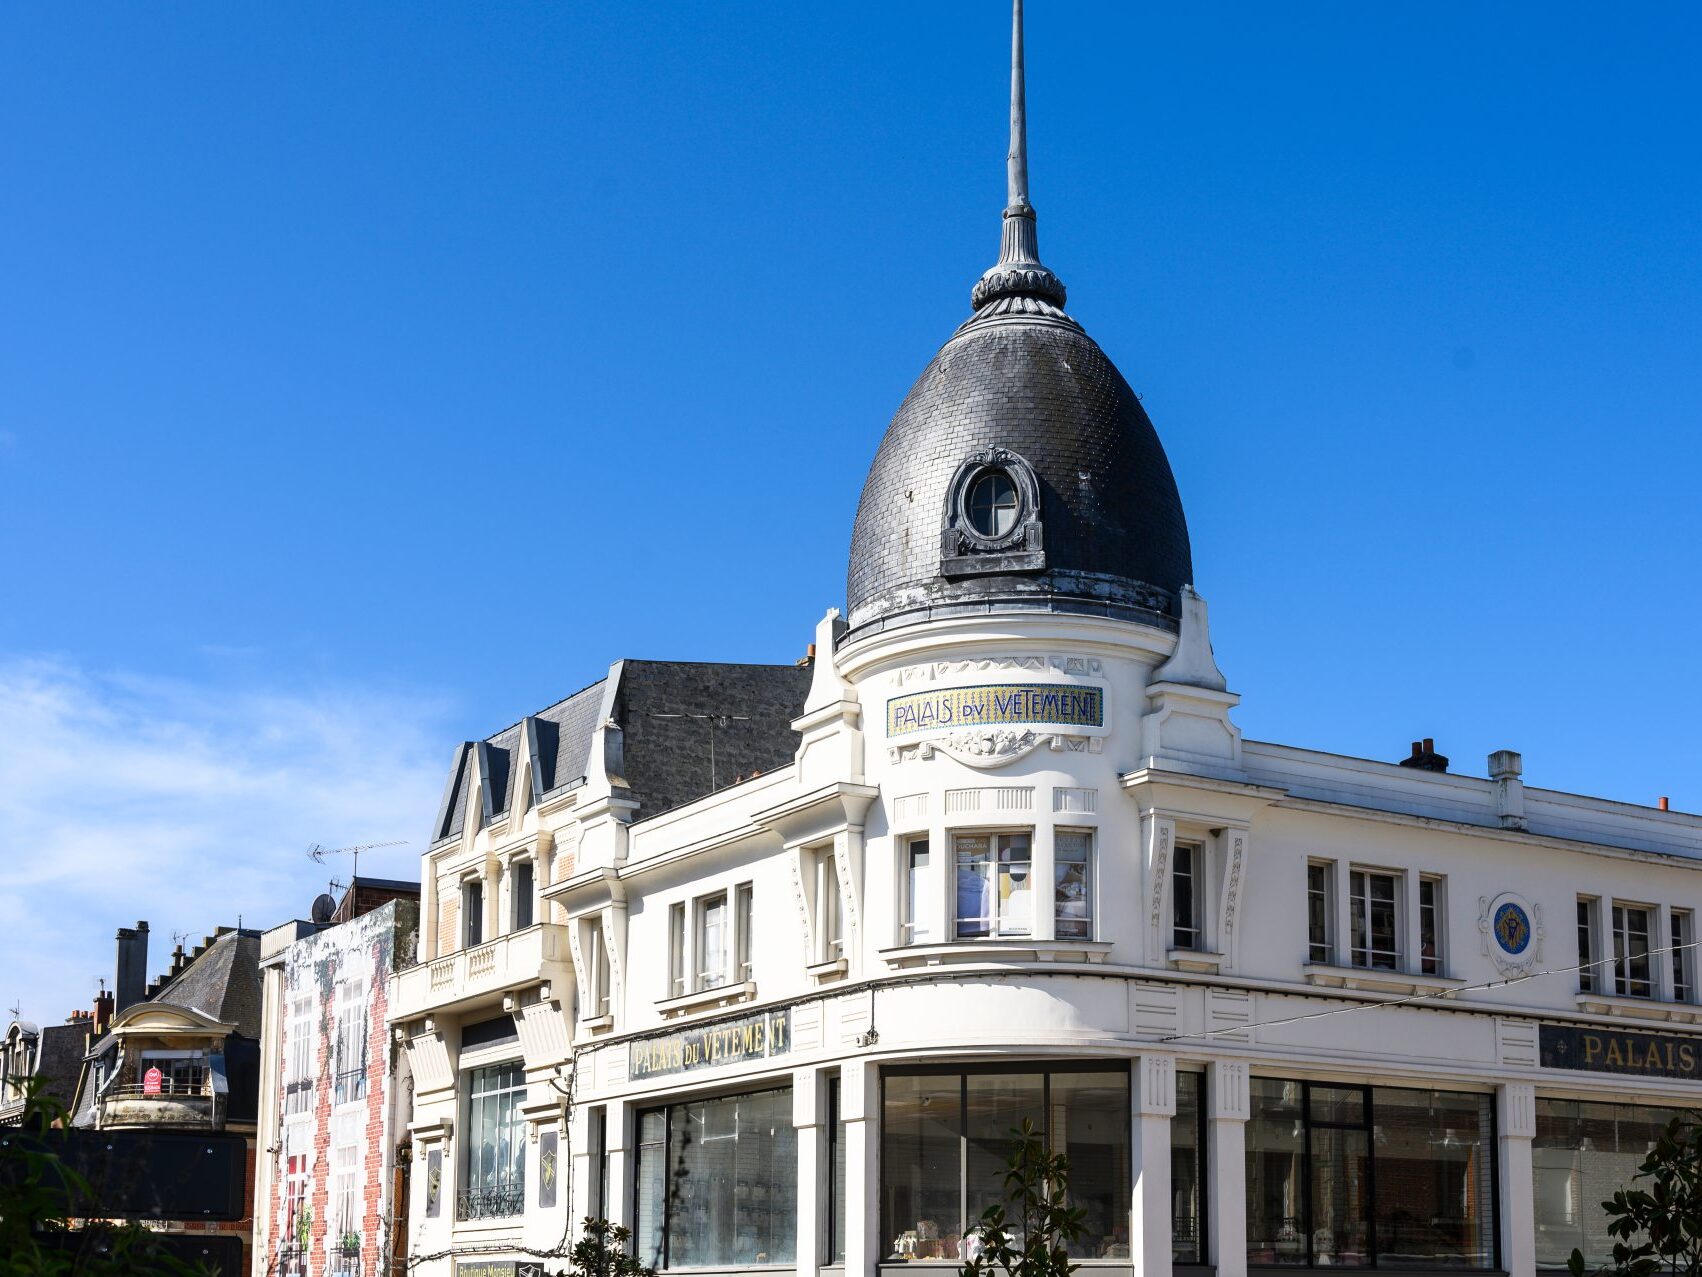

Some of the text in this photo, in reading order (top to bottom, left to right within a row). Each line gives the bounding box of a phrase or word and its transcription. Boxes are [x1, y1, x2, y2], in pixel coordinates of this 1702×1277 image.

[894, 698, 952, 728] PALAIS
[993, 689, 1097, 722] VETEMENT
[634, 1039, 682, 1075] PALAIS
[684, 1044, 700, 1065] DU
[1583, 1035, 1696, 1072] PALAIS
[488, 1263, 516, 1277] Monsieu
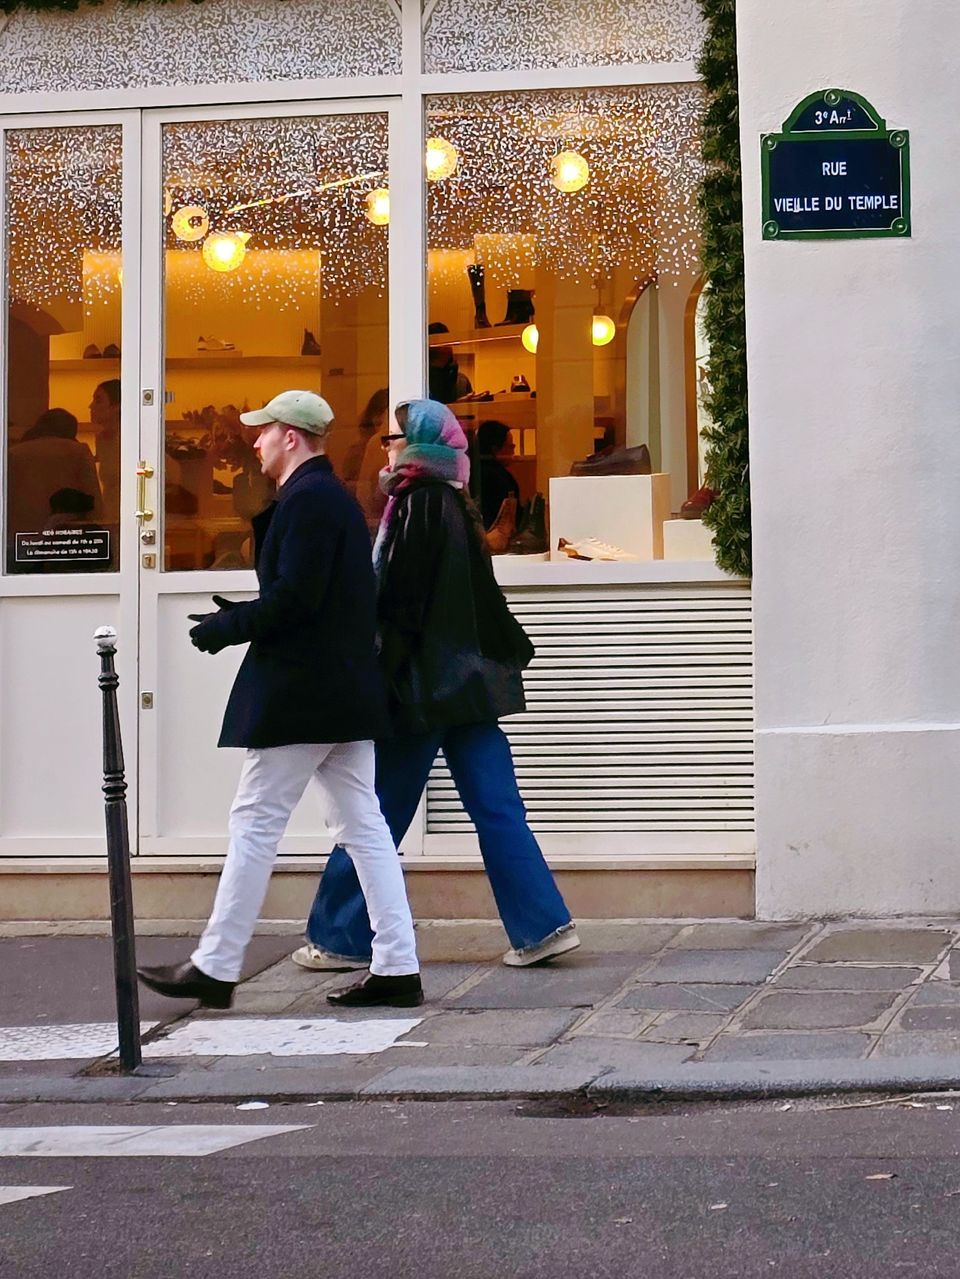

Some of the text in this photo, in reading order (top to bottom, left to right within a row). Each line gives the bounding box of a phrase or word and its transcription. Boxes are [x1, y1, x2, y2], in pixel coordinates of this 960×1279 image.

[822, 161, 847, 176] RUE
[774, 195, 898, 212] VIEILLE DU TEMPLE
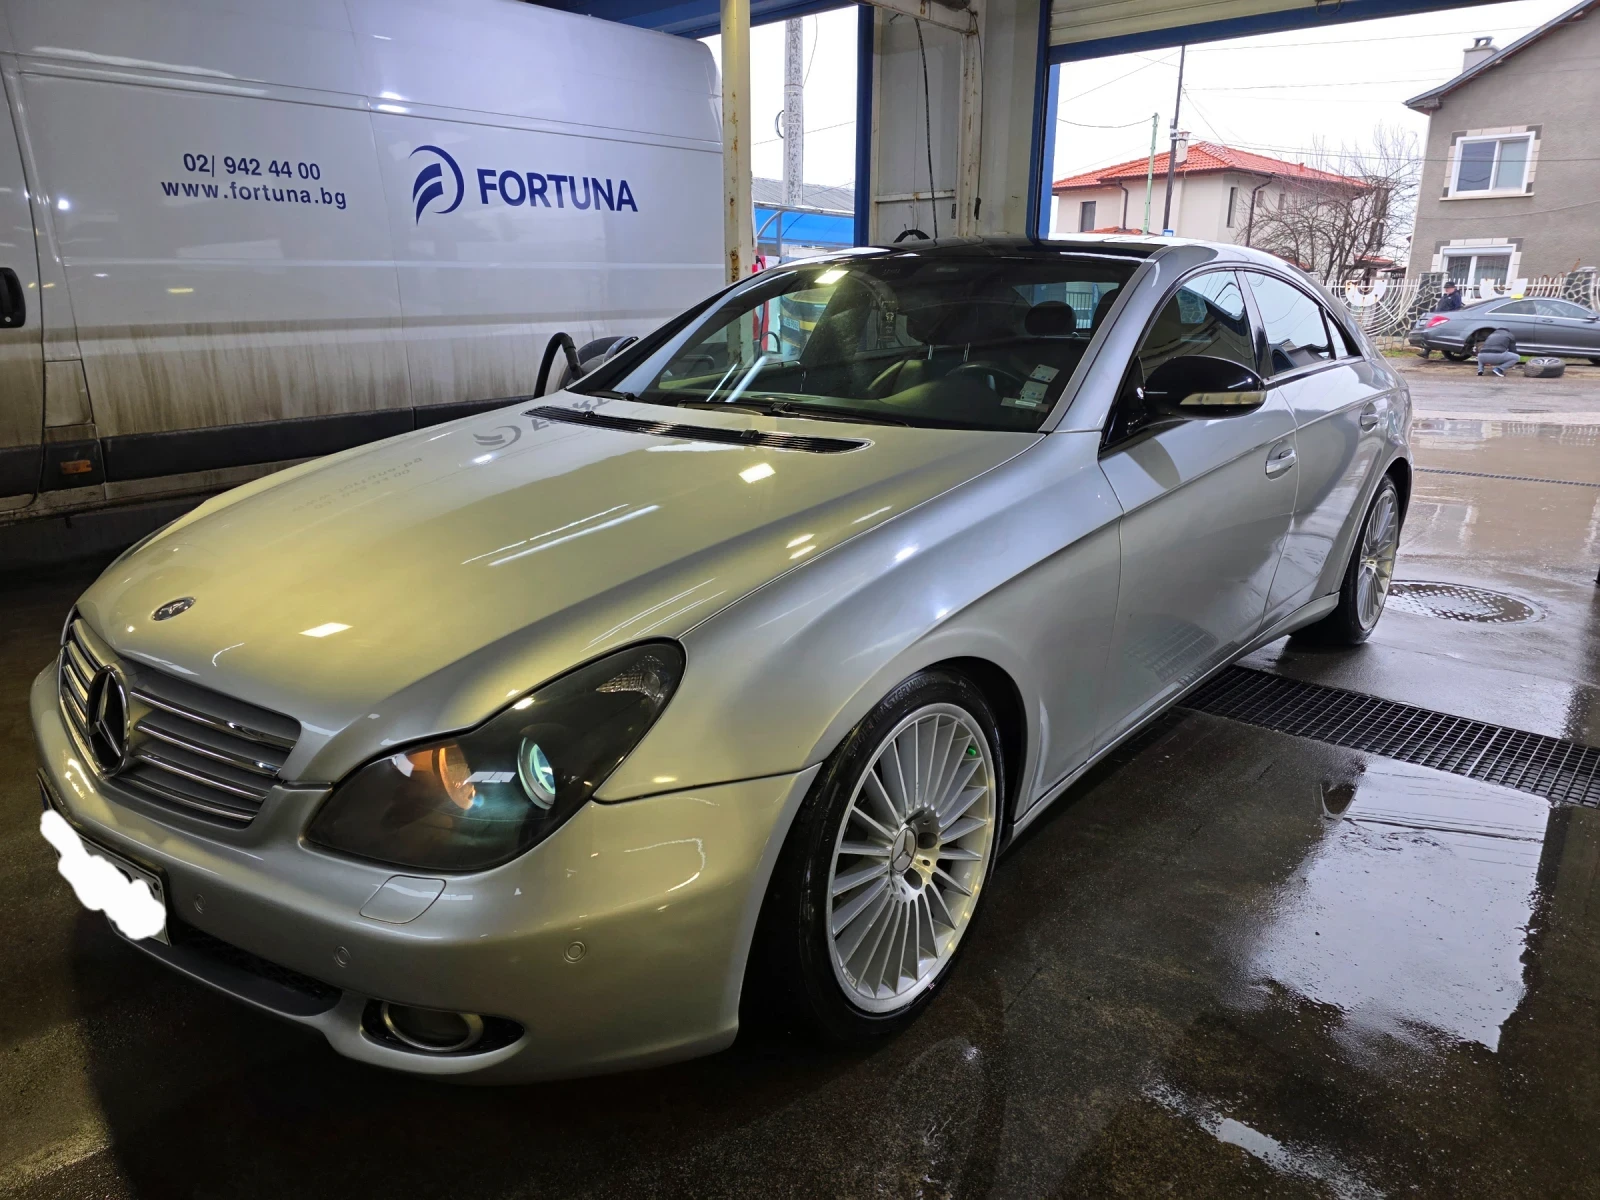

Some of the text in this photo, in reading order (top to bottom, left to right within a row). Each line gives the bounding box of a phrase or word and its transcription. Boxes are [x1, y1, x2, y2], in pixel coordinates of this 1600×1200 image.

[223, 156, 262, 176] 942
[268, 160, 293, 178] 44
[297, 162, 321, 180] 00
[161, 181, 347, 210] www.fortuna.bg
[476, 168, 639, 212] FORTUNA

**Action item**
All entries above must be duplicated exactly; please omit any picture they hold.

**Reply to the exercise**
Some of the text in this photo, in reading order (top to bottom, left to right within a row). Each line gives the bounding box of a phrase or word and its transcription. Boxes are [x1, y1, x2, y2], in pixel coordinates of this 1702×1277 image.

[894, 698, 952, 728] PALAIS
[993, 689, 1097, 722] VETEMENT
[634, 1039, 682, 1075] PALAIS
[684, 1044, 700, 1065] DU
[1583, 1035, 1696, 1072] PALAIS
[488, 1263, 516, 1277] Monsieu

Some of the text in this photo, in reading order (top to bottom, left to right within a row). Each line gives the bounding box of a phrase or word and its transcription. Boxes are [x1, y1, x2, y2], in pixel coordinates of this 960×1279 image.

[822, 161, 847, 176] RUE
[774, 195, 898, 212] VIEILLE DU TEMPLE

Some of the text in this photo, in reading order (top to bottom, left to right within a row). Each line gives the bounding box of a phrase or word and its transcription. Boxes are [x1, y1, x2, y2], in pixel coordinates of this 1600×1200 image.

[223, 156, 262, 176] 942
[268, 160, 293, 178] 44
[297, 162, 321, 180] 00
[161, 181, 347, 210] www.fortuna.bg
[476, 168, 639, 212] FORTUNA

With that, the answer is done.